The whole listing is to be returned exactly.

=== Task input ===

........

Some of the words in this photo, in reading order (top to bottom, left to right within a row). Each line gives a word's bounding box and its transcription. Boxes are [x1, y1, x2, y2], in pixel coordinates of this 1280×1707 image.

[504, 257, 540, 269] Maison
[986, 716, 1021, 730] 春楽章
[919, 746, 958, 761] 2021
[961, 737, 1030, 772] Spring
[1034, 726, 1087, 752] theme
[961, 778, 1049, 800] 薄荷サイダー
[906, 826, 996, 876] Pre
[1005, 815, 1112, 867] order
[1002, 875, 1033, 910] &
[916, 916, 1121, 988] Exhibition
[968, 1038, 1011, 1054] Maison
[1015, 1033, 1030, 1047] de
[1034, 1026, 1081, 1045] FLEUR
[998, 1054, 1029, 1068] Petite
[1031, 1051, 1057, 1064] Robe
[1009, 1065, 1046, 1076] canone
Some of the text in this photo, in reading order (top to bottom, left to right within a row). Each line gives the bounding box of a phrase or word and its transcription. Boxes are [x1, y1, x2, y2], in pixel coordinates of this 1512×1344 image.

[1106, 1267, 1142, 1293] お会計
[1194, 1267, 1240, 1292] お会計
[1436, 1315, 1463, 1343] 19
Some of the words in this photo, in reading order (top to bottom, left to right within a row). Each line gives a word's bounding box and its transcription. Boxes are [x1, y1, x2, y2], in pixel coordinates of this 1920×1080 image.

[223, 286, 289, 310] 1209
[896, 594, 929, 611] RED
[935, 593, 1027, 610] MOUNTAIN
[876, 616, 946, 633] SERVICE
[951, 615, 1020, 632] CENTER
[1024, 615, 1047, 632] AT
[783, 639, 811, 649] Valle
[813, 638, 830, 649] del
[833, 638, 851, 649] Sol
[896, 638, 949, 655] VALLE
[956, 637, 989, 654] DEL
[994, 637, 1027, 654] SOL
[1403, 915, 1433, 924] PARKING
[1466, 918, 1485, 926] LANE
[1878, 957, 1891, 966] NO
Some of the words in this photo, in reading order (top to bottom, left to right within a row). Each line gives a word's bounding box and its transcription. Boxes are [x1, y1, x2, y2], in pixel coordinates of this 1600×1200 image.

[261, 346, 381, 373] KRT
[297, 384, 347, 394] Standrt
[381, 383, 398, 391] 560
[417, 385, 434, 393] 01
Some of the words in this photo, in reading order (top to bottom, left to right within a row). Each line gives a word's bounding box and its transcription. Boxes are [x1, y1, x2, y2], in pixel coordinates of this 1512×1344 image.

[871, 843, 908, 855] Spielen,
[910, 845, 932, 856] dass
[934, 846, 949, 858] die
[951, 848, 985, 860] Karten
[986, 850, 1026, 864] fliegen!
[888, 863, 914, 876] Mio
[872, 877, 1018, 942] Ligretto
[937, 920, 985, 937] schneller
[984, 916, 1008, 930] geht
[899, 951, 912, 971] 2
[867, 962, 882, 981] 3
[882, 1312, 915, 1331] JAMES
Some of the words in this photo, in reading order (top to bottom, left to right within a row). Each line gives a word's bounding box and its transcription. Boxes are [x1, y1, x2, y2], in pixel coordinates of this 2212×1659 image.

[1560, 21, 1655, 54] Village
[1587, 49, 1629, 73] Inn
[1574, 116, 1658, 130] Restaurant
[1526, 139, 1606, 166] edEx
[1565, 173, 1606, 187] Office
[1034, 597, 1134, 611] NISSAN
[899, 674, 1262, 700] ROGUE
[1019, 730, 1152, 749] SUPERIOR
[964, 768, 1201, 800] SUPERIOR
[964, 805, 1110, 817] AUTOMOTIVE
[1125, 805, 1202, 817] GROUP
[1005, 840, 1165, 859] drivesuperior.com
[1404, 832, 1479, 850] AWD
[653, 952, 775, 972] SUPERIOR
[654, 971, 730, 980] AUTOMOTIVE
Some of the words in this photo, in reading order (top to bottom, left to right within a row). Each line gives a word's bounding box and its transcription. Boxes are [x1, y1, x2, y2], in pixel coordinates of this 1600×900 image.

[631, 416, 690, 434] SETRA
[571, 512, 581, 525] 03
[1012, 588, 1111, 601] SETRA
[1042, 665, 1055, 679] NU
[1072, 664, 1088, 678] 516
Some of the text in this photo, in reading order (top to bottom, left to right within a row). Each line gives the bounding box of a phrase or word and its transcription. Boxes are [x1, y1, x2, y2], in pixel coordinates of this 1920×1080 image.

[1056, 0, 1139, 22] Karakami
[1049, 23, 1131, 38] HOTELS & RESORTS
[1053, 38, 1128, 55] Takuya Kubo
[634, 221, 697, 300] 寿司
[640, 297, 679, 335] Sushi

........

=== Written answer ===
Some of the words in this photo, in reading order (top to bottom, left to right within a row). Each line gives a word's bounding box and its transcription. Boxes are [x1, y1, x2, y2], in pixel coordinates of this 1280×1707 image.

[504, 257, 540, 269] Maison
[986, 716, 1021, 730] 春楽章
[919, 746, 958, 761] 2021
[961, 737, 1030, 772] Spring
[1034, 726, 1087, 752] theme
[961, 778, 1049, 800] 薄荷サイダー
[906, 826, 996, 876] Pre
[1005, 815, 1112, 867] order
[1002, 875, 1033, 910] &
[916, 916, 1121, 988] Exhibition
[968, 1038, 1011, 1054] Maison
[1015, 1033, 1030, 1047] de
[1034, 1026, 1081, 1045] FLEUR
[998, 1054, 1029, 1068] Petite
[1031, 1051, 1057, 1064] Robe
[1009, 1065, 1046, 1076] canone
Some of the text in this photo, in reading order (top to bottom, left to right within a row). Each line gives the bounding box of a phrase or word and its transcription. Boxes are [x1, y1, x2, y2], in pixel coordinates of this 1512×1344 image.

[1106, 1267, 1142, 1293] お会計
[1194, 1267, 1240, 1292] お会計
[1436, 1315, 1463, 1343] 19
Some of the words in this photo, in reading order (top to bottom, left to right within a row). Each line gives a word's bounding box and its transcription. Boxes are [x1, y1, x2, y2], in pixel coordinates of this 1920×1080 image.

[223, 286, 289, 310] 1209
[896, 594, 929, 611] RED
[935, 593, 1027, 610] MOUNTAIN
[876, 616, 946, 633] SERVICE
[951, 615, 1020, 632] CENTER
[1024, 615, 1047, 632] AT
[783, 639, 811, 649] Valle
[813, 638, 830, 649] del
[833, 638, 851, 649] Sol
[896, 638, 949, 655] VALLE
[956, 637, 989, 654] DEL
[994, 637, 1027, 654] SOL
[1403, 915, 1433, 924] PARKING
[1466, 918, 1485, 926] LANE
[1878, 957, 1891, 966] NO
Some of the words in this photo, in reading order (top to bottom, left to right within a row). Each line gives a word's bounding box and its transcription. Boxes are [x1, y1, x2, y2], in pixel coordinates of this 1600×1200 image.

[261, 346, 381, 373] KRT
[297, 384, 347, 394] Standrt
[381, 383, 398, 391] 560
[417, 385, 434, 393] 01
Some of the words in this photo, in reading order (top to bottom, left to right within a row). Each line gives a word's bounding box and its transcription. Boxes are [x1, y1, x2, y2], in pixel coordinates of this 1512×1344 image.

[871, 843, 908, 855] Spielen,
[910, 845, 932, 856] dass
[934, 846, 949, 858] die
[951, 848, 985, 860] Karten
[986, 850, 1026, 864] fliegen!
[888, 863, 914, 876] Mio
[872, 877, 1018, 942] Ligretto
[937, 920, 985, 937] schneller
[984, 916, 1008, 930] geht
[899, 951, 912, 971] 2
[867, 962, 882, 981] 3
[882, 1312, 915, 1331] JAMES
Some of the words in this photo, in reading order (top to bottom, left to right within a row). Each line gives a word's bounding box and its transcription. Boxes are [x1, y1, x2, y2], in pixel coordinates of this 2212×1659 image.

[1560, 21, 1655, 54] Village
[1587, 49, 1629, 73] Inn
[1574, 116, 1658, 130] Restaurant
[1526, 139, 1606, 166] edEx
[1565, 173, 1606, 187] Office
[1034, 597, 1134, 611] NISSAN
[899, 674, 1262, 700] ROGUE
[1019, 730, 1152, 749] SUPERIOR
[964, 768, 1201, 800] SUPERIOR
[964, 805, 1110, 817] AUTOMOTIVE
[1125, 805, 1202, 817] GROUP
[1005, 840, 1165, 859] drivesuperior.com
[1404, 832, 1479, 850] AWD
[653, 952, 775, 972] SUPERIOR
[654, 971, 730, 980] AUTOMOTIVE
Some of the words in this photo, in reading order (top to bottom, left to right within a row). Each line gives a word's bounding box and its transcription. Boxes are [x1, y1, x2, y2], in pixel coordinates of this 1600×900 image.

[631, 416, 690, 434] SETRA
[571, 512, 581, 525] 03
[1012, 588, 1111, 601] SETRA
[1042, 665, 1055, 679] NU
[1072, 664, 1088, 678] 516
Some of the text in this photo, in reading order (top to bottom, left to right within a row). Each line gives the bounding box of a phrase or word and its transcription. Boxes are [x1, y1, x2, y2], in pixel coordinates of this 1920×1080 image.

[1056, 0, 1139, 22] Karakami
[1049, 23, 1131, 38] HOTELS & RESORTS
[1053, 38, 1128, 55] Takuya Kubo
[634, 221, 697, 300] 寿司
[640, 297, 679, 335] Sushi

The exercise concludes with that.